Wednesday, August 9, 2023

Book Review: Strange Fle$h by Joe West

Strange Fle$h By Joe West
Anxiety Press (2023)

This book comes at you like a semitruck going the wrong way on the freeway.  And Joe West is not about to hit the brakes.  In some ways reminiscent of Bukowski, and in other ways reminiscent of Whitman, this story is shocking and repulsive on the one hand and tender and touching on the other.  Gritty and crass versus uplifting and sensitive.  The protagonist Frederick Bickel is a master of caustic observations and a fountain of unexpected yet hilarious descriptions.  It’s been a long time since I’ve read a novel this entertaining or this good.  A slice of life account of blue-collar working class-struggle that questions why anyone suffers through it when the payoff at the end is always the same.  An exhilarating romp  through the American low life as it truly is.

By the author’s own admission, and the protagonist’s constant personal beratements we all learn early on that Freddie is not a nice person, is a class A fuck up, and doesn’t much give two shits about anything except for getting high, drunk, and laid; frequently all at the same time.  Freddie, who has just turned 50, is limping through life, and has come to expect very little good to come from it.  He frequently intimates that he doesn’t care whether or not he lives or dies, spends an inordinate amount of time contemplating suicide, and does as little as possible to change his station in life.  He works as a security guard at a high-rise office building in downtown Saint Louis, Missouri and has little to look forward to except for ogling twenty-something Sunday, a curvy stacked bombshell who works as the receptionist on the rarified ninth floor, and engaging in conversation with Thom, a homeless ex-radio deejay who inhabits a dumpster outside the building.  Sunday initially won’t give him the time of day, while Thom has all the time in the world that causes Freddie to find him endearing:

He smells like wine and cigarettes, firewood smoke, McDonald’s cheeseburgers with extra pickles, and chocolate pudding cups.  Thom is what I imagine Christ was like.  Just a good guy you could have a beer with, who made you feel better without making you feel like shit for it.  I cannot help but root for him.  We are both born losers, just with different jobs (p. 12).

While Sunday rubs shoulders with the corporate muckety-mucks Freddie knows that she may be in their world but she is not of their world.  He and Sunday have a lot more in common than she realizes.
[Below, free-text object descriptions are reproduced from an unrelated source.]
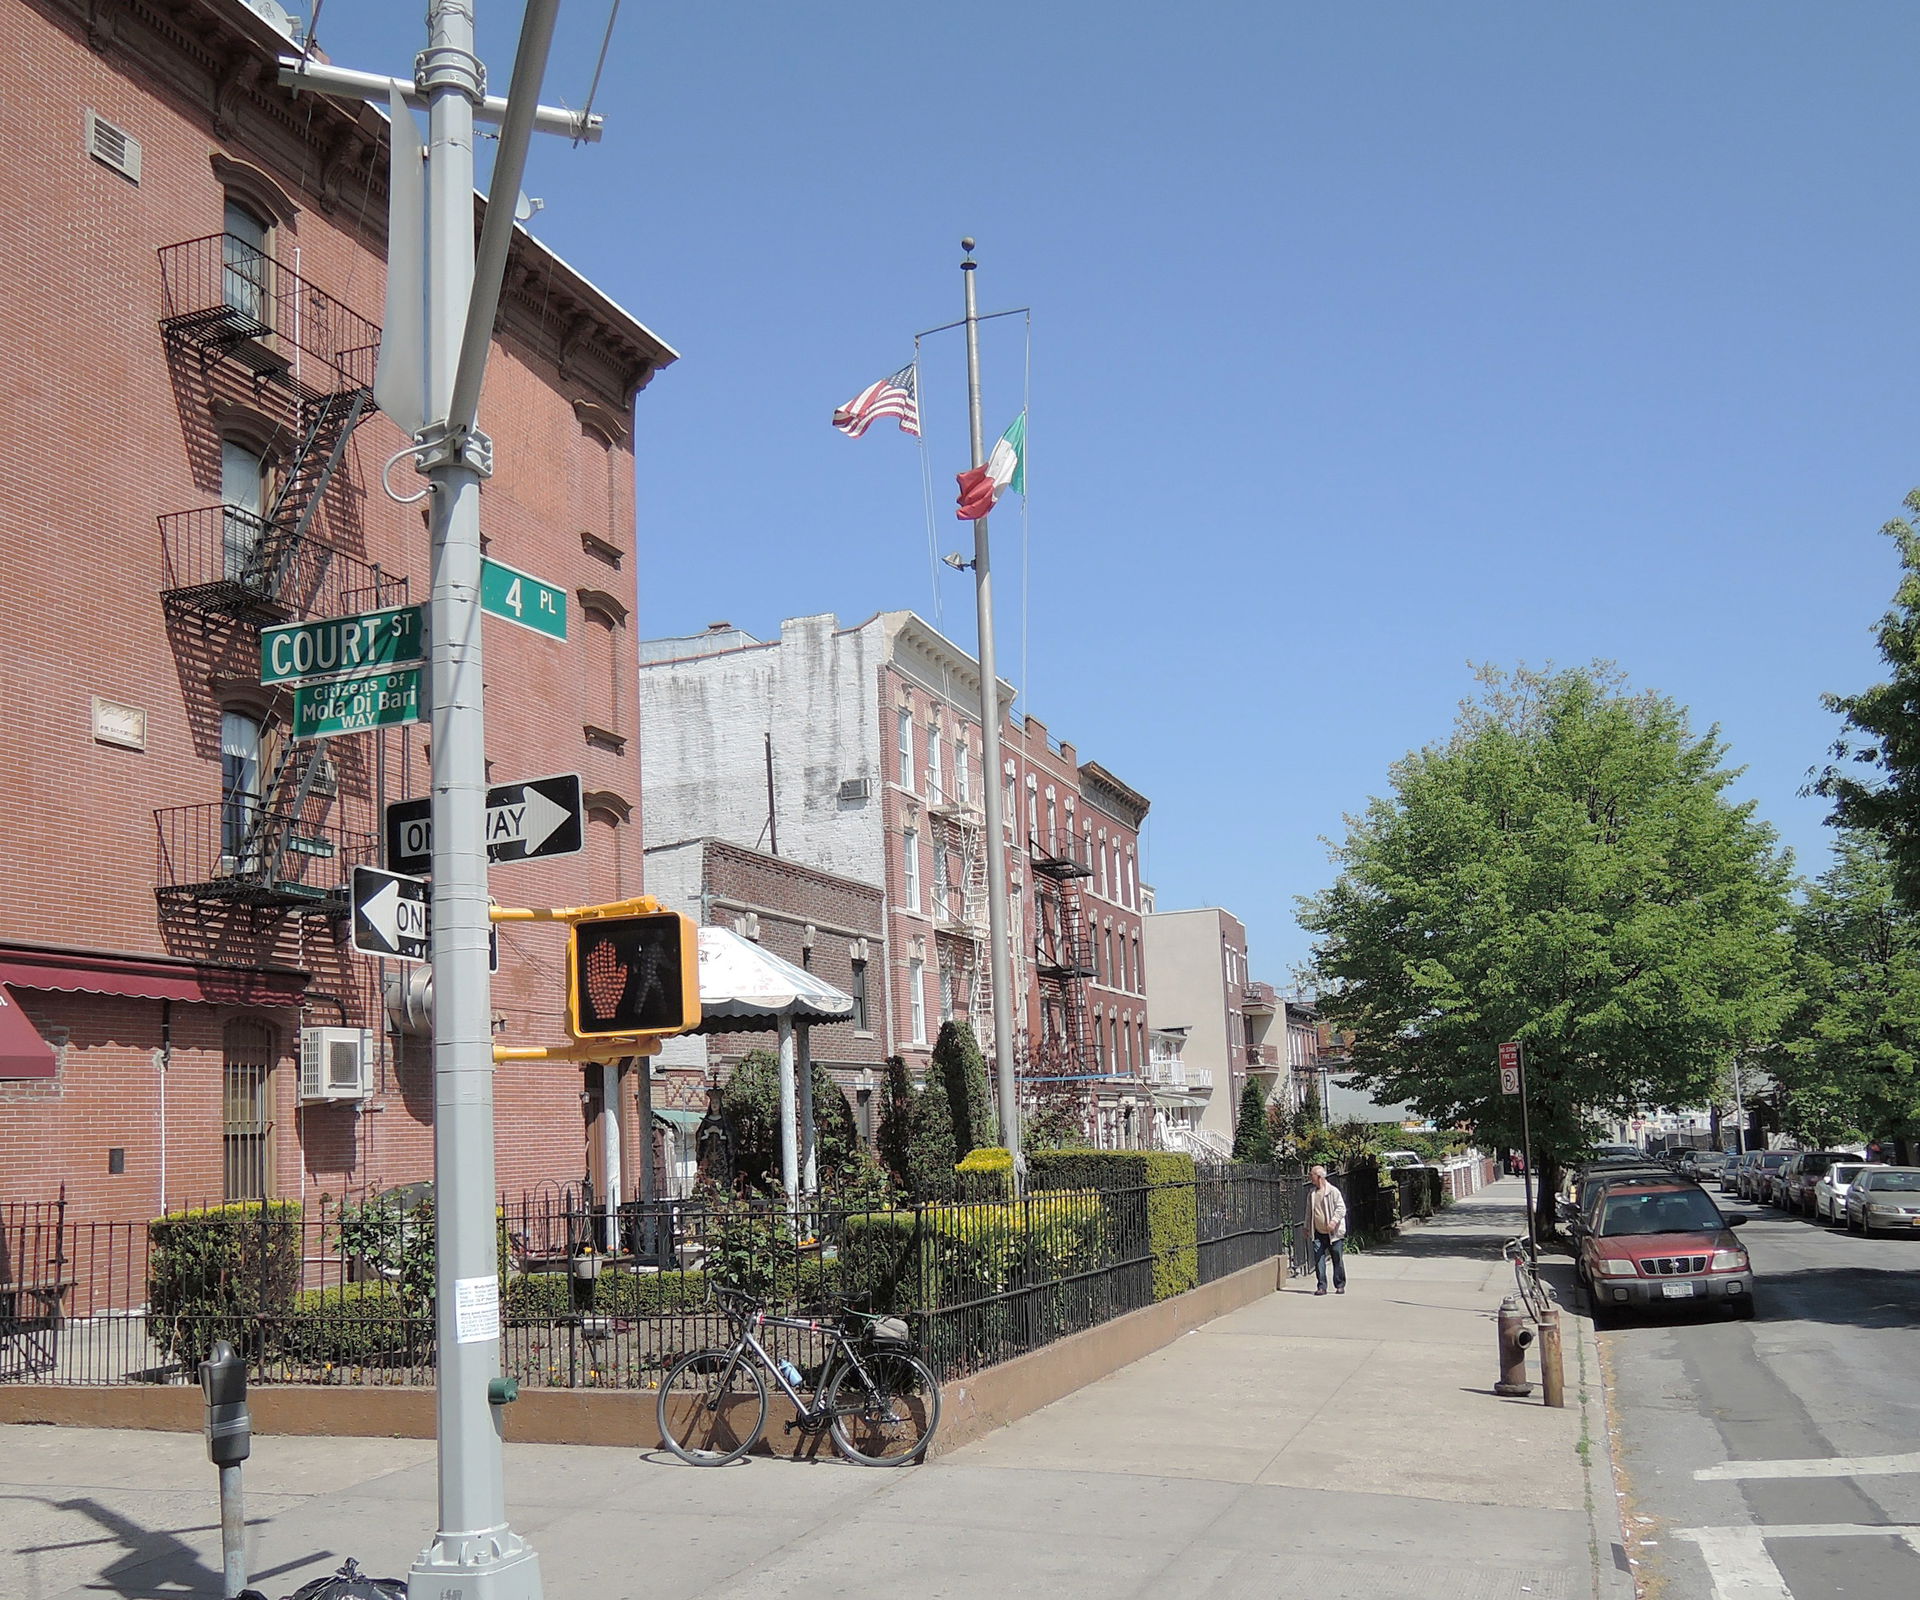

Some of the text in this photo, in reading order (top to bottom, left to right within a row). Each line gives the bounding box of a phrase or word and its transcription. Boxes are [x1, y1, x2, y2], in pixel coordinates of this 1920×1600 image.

[505, 577, 557, 617] 4 PL
[271, 613, 413, 675] COURT ST
[302, 684, 416, 723] Mola Di Bari
[314, 672, 405, 701] Citizens Of
[341, 711, 376, 729] WAY
There is a thin line between Sunday up here and me downstairs,  We are both merely needed, not necessary.  Someday we’ll both be replaced by the next generation of pretty idiots.  A workforce of ambitionless, brainless, borderline alcoholics yearning to have their lives predetermined for them by an all-knowing, all-powerful God called America.  Until then, we are just hoping for the best and preparing for the worst (p.23).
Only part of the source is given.